Hans-Dietrich Sander


Ende der deutschen Geduld

Margarete Buber-Neumann ist der treffliche Kalauer eingefallen: "Eine Krähe wäscht die andere." Es wird deshalb keine Strafanzeige Heribert Prantls von der Süddeutschen Zeitung gegen Eckehard Fuhr von der Frankfurter Allgemeinen geben, obwohl letzterer seit geraumer Zeit die jakobinerhafte These verficht: Schreibtischtäter sind Täter, und ersterer eine Glosse veröffentlichte, nach der etwas passierte, was zu ihr leicht in einen offenkundigen Zusammenhang gebracht werden kann.
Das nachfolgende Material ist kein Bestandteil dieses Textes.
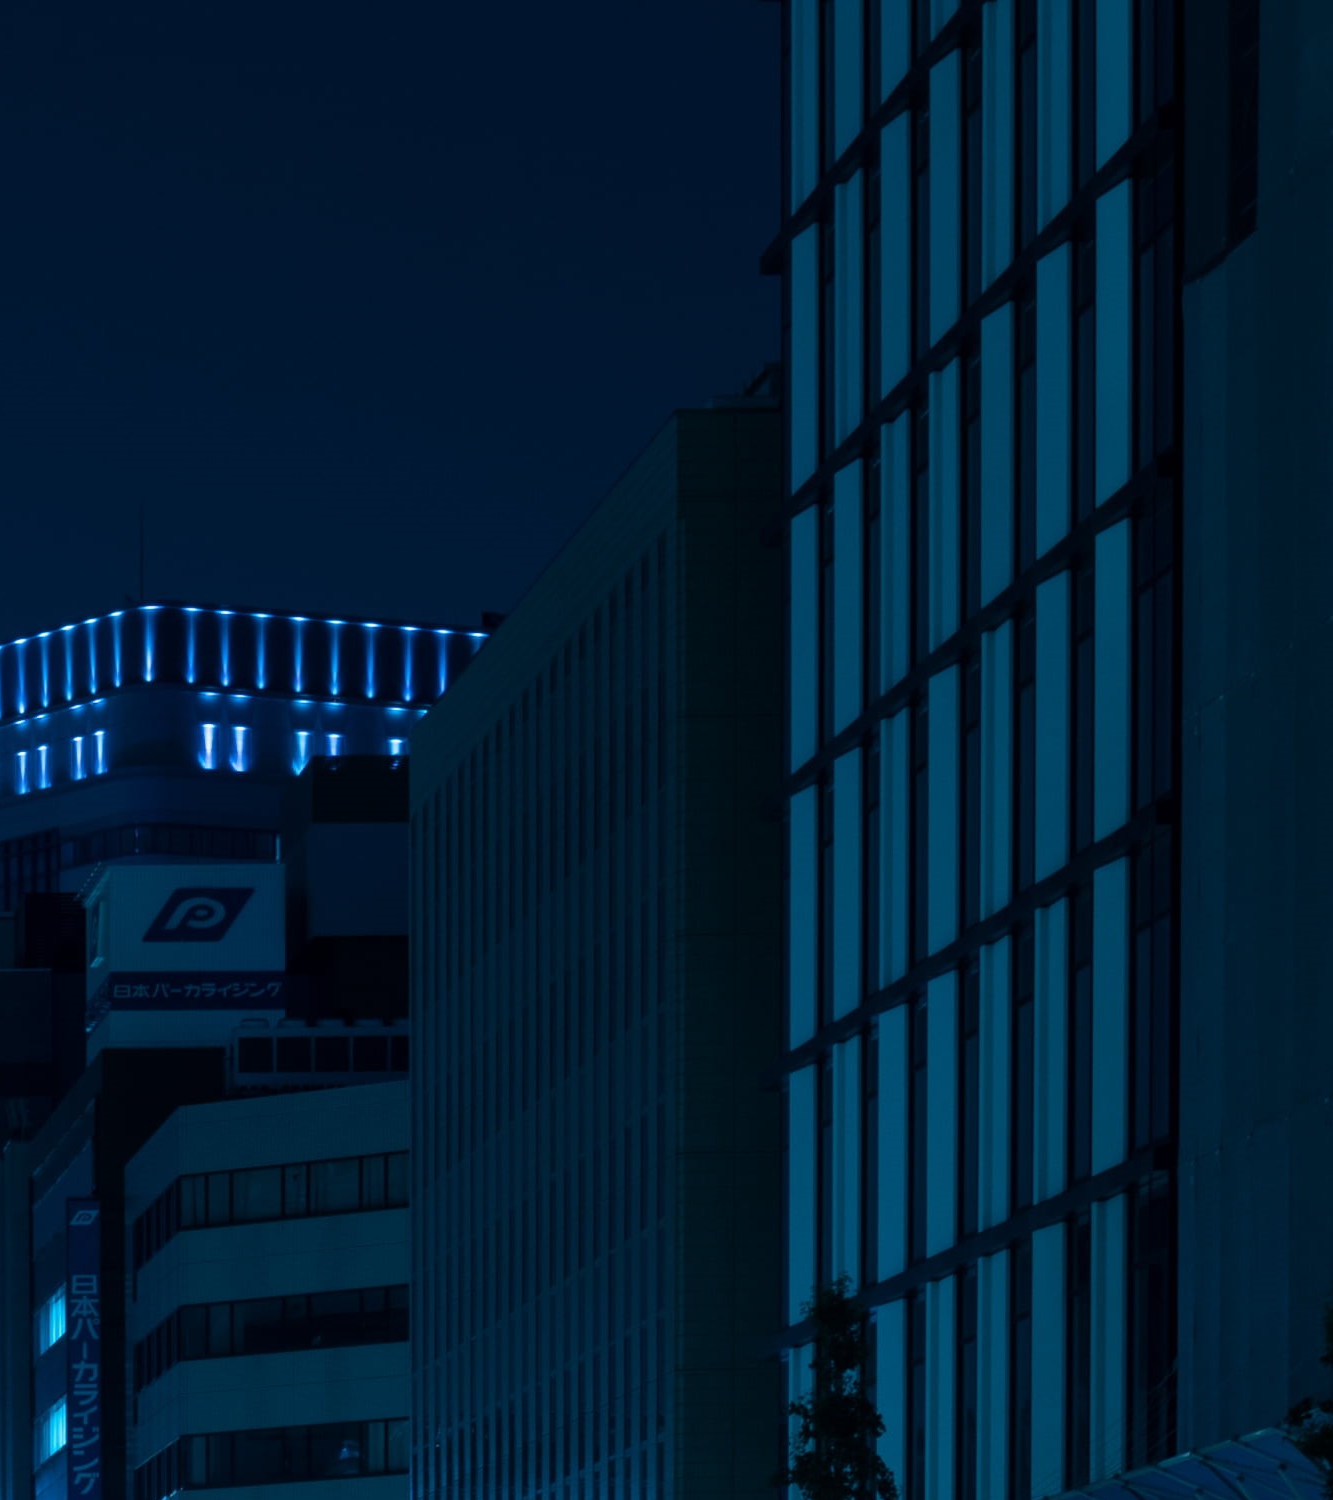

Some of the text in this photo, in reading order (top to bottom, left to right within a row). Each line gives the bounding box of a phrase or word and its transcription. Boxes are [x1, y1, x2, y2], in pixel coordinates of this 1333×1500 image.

[113, 980, 282, 1000] 日本パーカライジング
[71, 1274, 100, 1496] 日本パーカライジング
Das sind die Fakten: Fuhr hatte in seiner Leitglosse "Politikerzonen" (FAZ,14.l1.), auf die sich schon der vorige Leitartikel der Staatsbriefe "Die Wiederkehr des Gleichen" bezog, wider die Regulierungswut der Politiker gefordert, Politik solle nur noch in Politikerzonen zugelassen werden. Zwei Wochen später meldete Die Welt vom 20. 11. nach dpa: "In einer Kneipe im Kölner Bankenviertel haben Politiker jetzt Hausverbot. Der Inhaber der Gaststätte "Banker's", Karl-Willi Paul, hat an der Tür ein Verbotsschild aufgehängt, das "Politikern jeder Couleur" untersagt, sein Lokal zu betreten. Kommt ihm ein Gast verdächtig vor, hakt Paul auch schon mal nach: "Sind Sie vielleicht Politiker?" Beschwert sich einer seiner Gäste über das Verbot, hält Paul im prompt einen Zeitungsartikel vor: Schon die Bonner Entscheidung zur Lohnkürzung für Kranke hatte Paul verärgert, aber als er erfuhr, daß Beamte weiter 100 Prozent kriegen sollen, war das Maß voll. "Es reicht mir nicht, alle vier Jahre zur Wahl zu gehen." Paul versteht sich nun als Pionier und setzt auf Nachahmer: "Ich will, daß Politiker zur gesellschaftlichen Randgruppe werden."'

Es läge nun wahrhaftig nahe, in diesem Handstreich, mit "Banker' s" die Einrichtung politikerfreier Räume in Deutschland zu beginnen, eine Nutzanwendung der Fuhrschen Glosse zu sehen. Gastwirte wird man indessen kaum zur Stammleserschaft der FAZ zählen kön nen. Wahrscheinlicher ist, daß ,"Politikerzonen" und "Politiker unerwünscht" separat entstandene Reflexe auf einen Radikalisierungsschub sind, mit dem die Bevölkerung ansetzt, wieder ein Volk zu werden.

Das zu Ende gehende Jahr wurde in den Staatsbriefen mit dem Artikel "Das verborgene Volk" eröffnet: in Analogie zum Deus absconditus, der sich das letzte Wort vorbehält. Ich zitierte darin meinen ersten Lehrmeister Brecht: "So wie es ist, bleibt es nicht. Wenn die Herrschenden gesprochen haben, werden die Beherrschten sprechen." Ist das jetzt schon so weit? Merken die Deutschen endlich, daß sie mehr tun müssen, als Politiker, denen ihre Rechte und Interessen piepegal sind, zu wählen oder nicht zu wählen ? Die Argumente des Kölner Gastwirtes sprechen dafür. Doch wie repräsentativ sind sie ?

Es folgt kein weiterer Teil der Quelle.